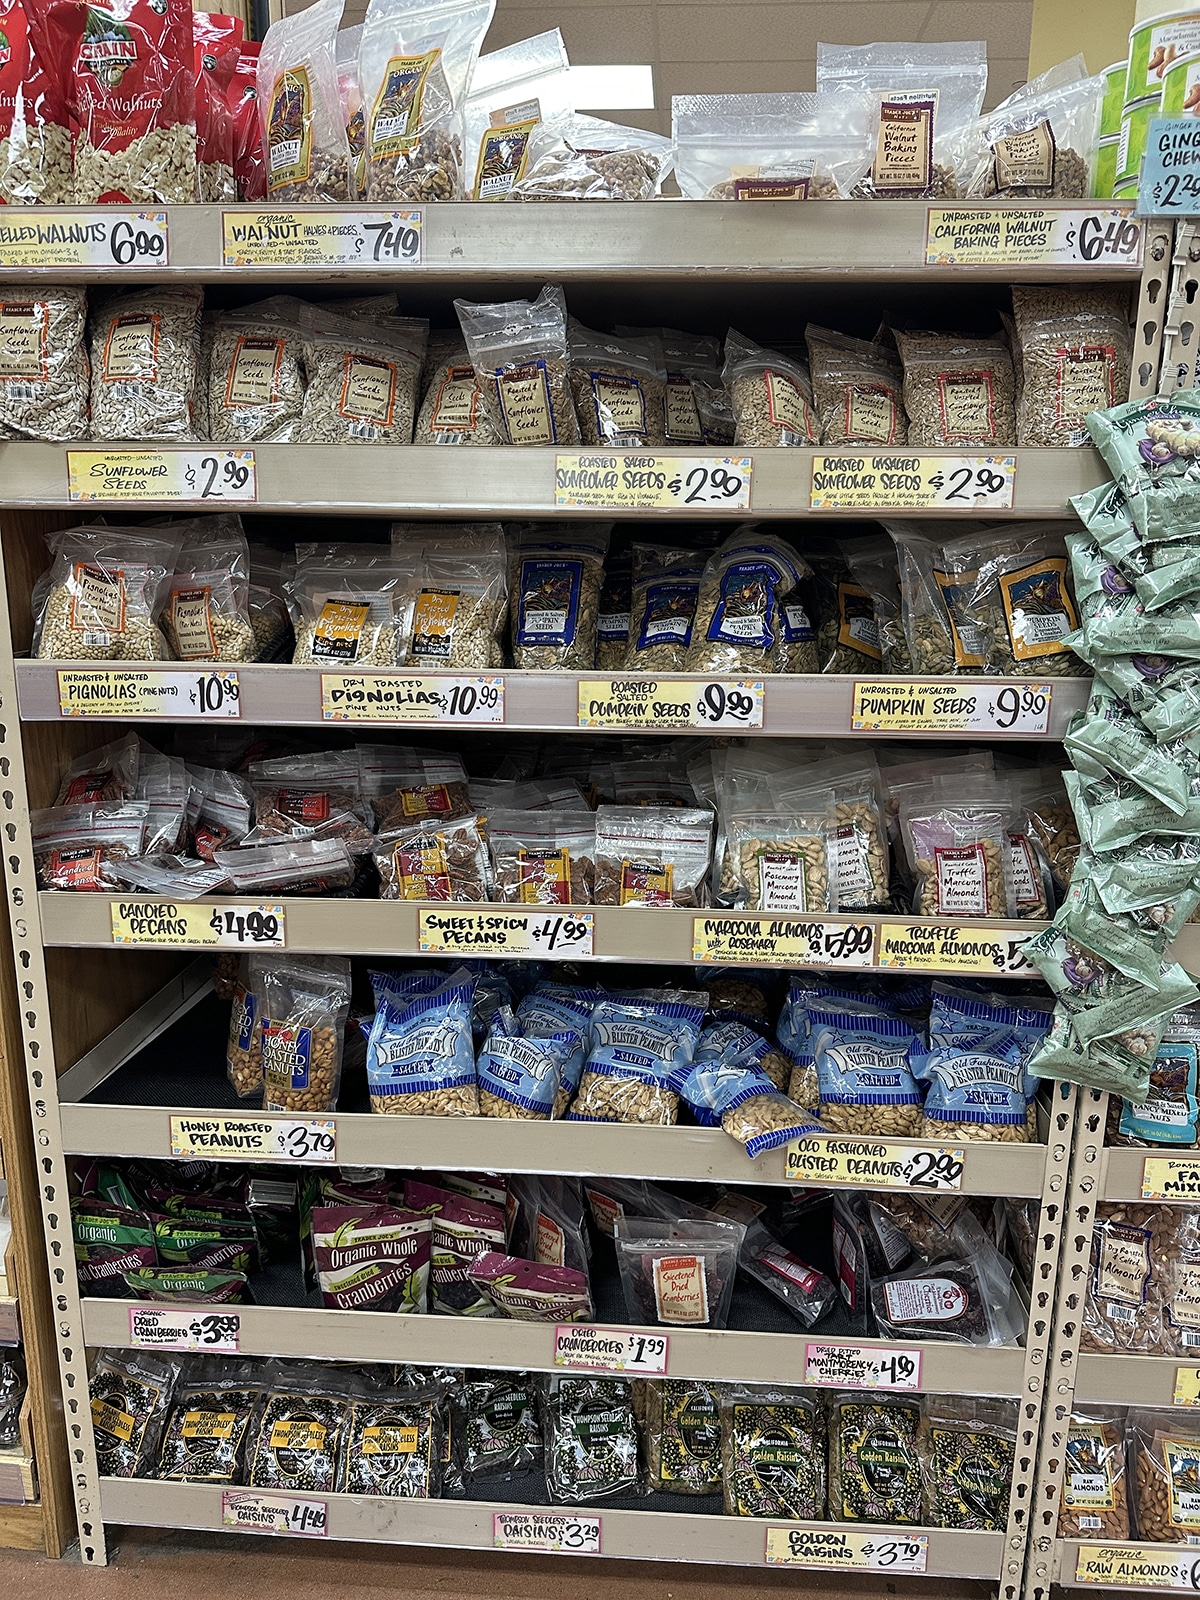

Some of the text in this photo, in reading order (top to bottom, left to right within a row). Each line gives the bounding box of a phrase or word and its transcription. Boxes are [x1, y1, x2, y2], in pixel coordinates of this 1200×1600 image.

[111, 95, 162, 112] Walnuts
[886, 124, 916, 132] California
[885, 132, 917, 142] Walnut
[272, 141, 299, 156] WALNUT
[884, 142, 917, 153] Baking
[886, 153, 915, 162] Pieces
[482, 175, 513, 187] WALNUT
[256, 214, 295, 225] organic
[942, 211, 1044, 222] UNROASTED UNSALTED
[37, 223, 106, 243] WALNUTS
[232, 223, 302, 241] WALNUT
[935, 219, 1058, 238] CALIFORNIA WALNUT
[954, 234, 1046, 249] BAKING PIECES
[507, 406, 545, 419] Sunflower
[516, 418, 539, 430] Seeds
[578, 456, 655, 469] ROASTED SALTED
[823, 457, 920, 472] ROASTED UNSALTED
[90, 464, 168, 478] SUNFLOWER
[102, 478, 147, 490] SEEDS
[556, 469, 618, 490] SUNFLOWER
[622, 470, 666, 490] SEEDS
[814, 472, 876, 490] SUNFLOWER
[880, 474, 921, 490] SEEDS
[431, 594, 444, 603] Dry
[177, 605, 205, 618] Pignolias
[339, 604, 353, 615] Dry
[63, 674, 104, 682] UNROASTED
[343, 679, 423, 688] DRY TOASTED
[68, 684, 136, 700] PIGNOLIAS
[611, 682, 657, 694] ROASTED
[860, 686, 957, 695] UNROASTED UNSALTED
[616, 693, 648, 701] SALTED
[589, 700, 648, 717] PUMPKIN
[652, 701, 691, 717] SEEDS
[860, 697, 925, 716] PUMPKIN
[932, 697, 977, 715] SEEDS
[57, 862, 95, 877] Candied
[947, 867, 977, 877] Truffle
[766, 881, 799, 891] Marcona
[946, 887, 980, 898] Almonds
[769, 892, 797, 901] Almonds
[119, 903, 178, 920] CANDIED
[130, 918, 187, 936] PECANS
[425, 915, 528, 931] SWEET SPICY
[704, 920, 824, 940] MARCONA ALMONDS
[906, 926, 961, 941] TRUFFLE
[443, 930, 507, 944] PECANS
[728, 937, 777, 950] ROSEMARY
[885, 939, 935, 955] MARCONA
[939, 942, 1000, 958] ALMONDS
[265, 1035, 302, 1054] HONEY
[619, 1053, 649, 1065] SALTED
[1150, 1113, 1171, 1122] NUTS
[180, 1121, 272, 1133] HONEY ROASTED
[189, 1134, 263, 1148] PEANUTS
[798, 1139, 887, 1157] OLD FASHIONED
[788, 1153, 838, 1172] BLISTER
[846, 1158, 903, 1177] PEANUTS
[78, 1224, 117, 1242] Organic
[456, 1239, 492, 1253] Whole
[330, 1238, 418, 1268] Organic Whole
[1119, 1255, 1141, 1266] Salted
[1105, 1264, 1142, 1281] Almonds
[336, 1262, 413, 1310] Cranberries
[134, 1316, 159, 1326] DRIED
[134, 1327, 188, 1338] CRANBERRIES
[572, 1329, 596, 1338] DRIED
[558, 1336, 624, 1354] CRANBERRIES
[807, 1358, 874, 1371] MONTMORENCY
[820, 1368, 865, 1378] CHERRIES
[493, 1401, 513, 1411] RAISINS
[273, 1430, 300, 1438] THOMPSON
[589, 1423, 609, 1432] RAISINS
[365, 1435, 392, 1443] THOMPSON
[752, 1452, 775, 1461] Golden
[860, 1452, 883, 1462] Golden
[238, 1512, 275, 1523] RAISINS
[504, 1524, 558, 1540] RAISINS
[788, 1544, 853, 1558] RAISINS
[1098, 1548, 1144, 1563] organic
[1086, 1561, 1178, 1578] RAW ALMONDS
+ + +
— What you will do —
When you repeat the data, keep every line exact and drop the images.

— Answer space —
Some of the text in this photo, in reading order (top to bottom, left to right within a row). Each line gives the bounding box of a phrase or word and its transcription. Boxes are [x1, y1, x2, y2], in pixel coordinates of this 1200×1600 image.

[111, 95, 162, 112] Walnuts
[886, 124, 916, 132] California
[885, 132, 917, 142] Walnut
[272, 141, 299, 156] WALNUT
[884, 142, 917, 153] Baking
[886, 153, 915, 162] Pieces
[482, 175, 513, 187] WALNUT
[256, 214, 295, 225] organic
[942, 211, 1044, 222] UNROASTED UNSALTED
[37, 223, 106, 243] WALNUTS
[232, 223, 302, 241] WALNUT
[935, 219, 1058, 238] CALIFORNIA WALNUT
[954, 234, 1046, 249] BAKING PIECES
[507, 406, 545, 419] Sunflower
[516, 418, 539, 430] Seeds
[578, 456, 655, 469] ROASTED SALTED
[823, 457, 920, 472] ROASTED UNSALTED
[90, 464, 168, 478] SUNFLOWER
[102, 478, 147, 490] SEEDS
[556, 469, 618, 490] SUNFLOWER
[622, 470, 666, 490] SEEDS
[814, 472, 876, 490] SUNFLOWER
[880, 474, 921, 490] SEEDS
[431, 594, 444, 603] Dry
[177, 605, 205, 618] Pignolias
[339, 604, 353, 615] Dry
[63, 674, 104, 682] UNROASTED
[343, 679, 423, 688] DRY TOASTED
[68, 684, 136, 700] PIGNOLIAS
[611, 682, 657, 694] ROASTED
[860, 686, 957, 695] UNROASTED UNSALTED
[616, 693, 648, 701] SALTED
[589, 700, 648, 717] PUMPKIN
[652, 701, 691, 717] SEEDS
[860, 697, 925, 716] PUMPKIN
[932, 697, 977, 715] SEEDS
[57, 862, 95, 877] Candied
[947, 867, 977, 877] Truffle
[766, 881, 799, 891] Marcona
[946, 887, 980, 898] Almonds
[769, 892, 797, 901] Almonds
[119, 903, 178, 920] CANDIED
[130, 918, 187, 936] PECANS
[425, 915, 528, 931] SWEET SPICY
[704, 920, 824, 940] MARCONA ALMONDS
[906, 926, 961, 941] TRUFFLE
[443, 930, 507, 944] PECANS
[728, 937, 777, 950] ROSEMARY
[885, 939, 935, 955] MARCONA
[939, 942, 1000, 958] ALMONDS
[265, 1035, 302, 1054] HONEY
[619, 1053, 649, 1065] SALTED
[1150, 1113, 1171, 1122] NUTS
[180, 1121, 272, 1133] HONEY ROASTED
[189, 1134, 263, 1148] PEANUTS
[798, 1139, 887, 1157] OLD FASHIONED
[788, 1153, 838, 1172] BLISTER
[846, 1158, 903, 1177] PEANUTS
[78, 1224, 117, 1242] Organic
[456, 1239, 492, 1253] Whole
[330, 1238, 418, 1268] Organic Whole
[1119, 1255, 1141, 1266] Salted
[1105, 1264, 1142, 1281] Almonds
[336, 1262, 413, 1310] Cranberries
[134, 1316, 159, 1326] DRIED
[134, 1327, 188, 1338] CRANBERRIES
[572, 1329, 596, 1338] DRIED
[558, 1336, 624, 1354] CRANBERRIES
[807, 1358, 874, 1371] MONTMORENCY
[820, 1368, 865, 1378] CHERRIES
[493, 1401, 513, 1411] RAISINS
[273, 1430, 300, 1438] THOMPSON
[589, 1423, 609, 1432] RAISINS
[365, 1435, 392, 1443] THOMPSON
[752, 1452, 775, 1461] Golden
[860, 1452, 883, 1462] Golden
[238, 1512, 275, 1523] RAISINS
[504, 1524, 558, 1540] RAISINS
[788, 1544, 853, 1558] RAISINS
[1098, 1548, 1144, 1563] organic
[1086, 1561, 1178, 1578] RAW ALMONDS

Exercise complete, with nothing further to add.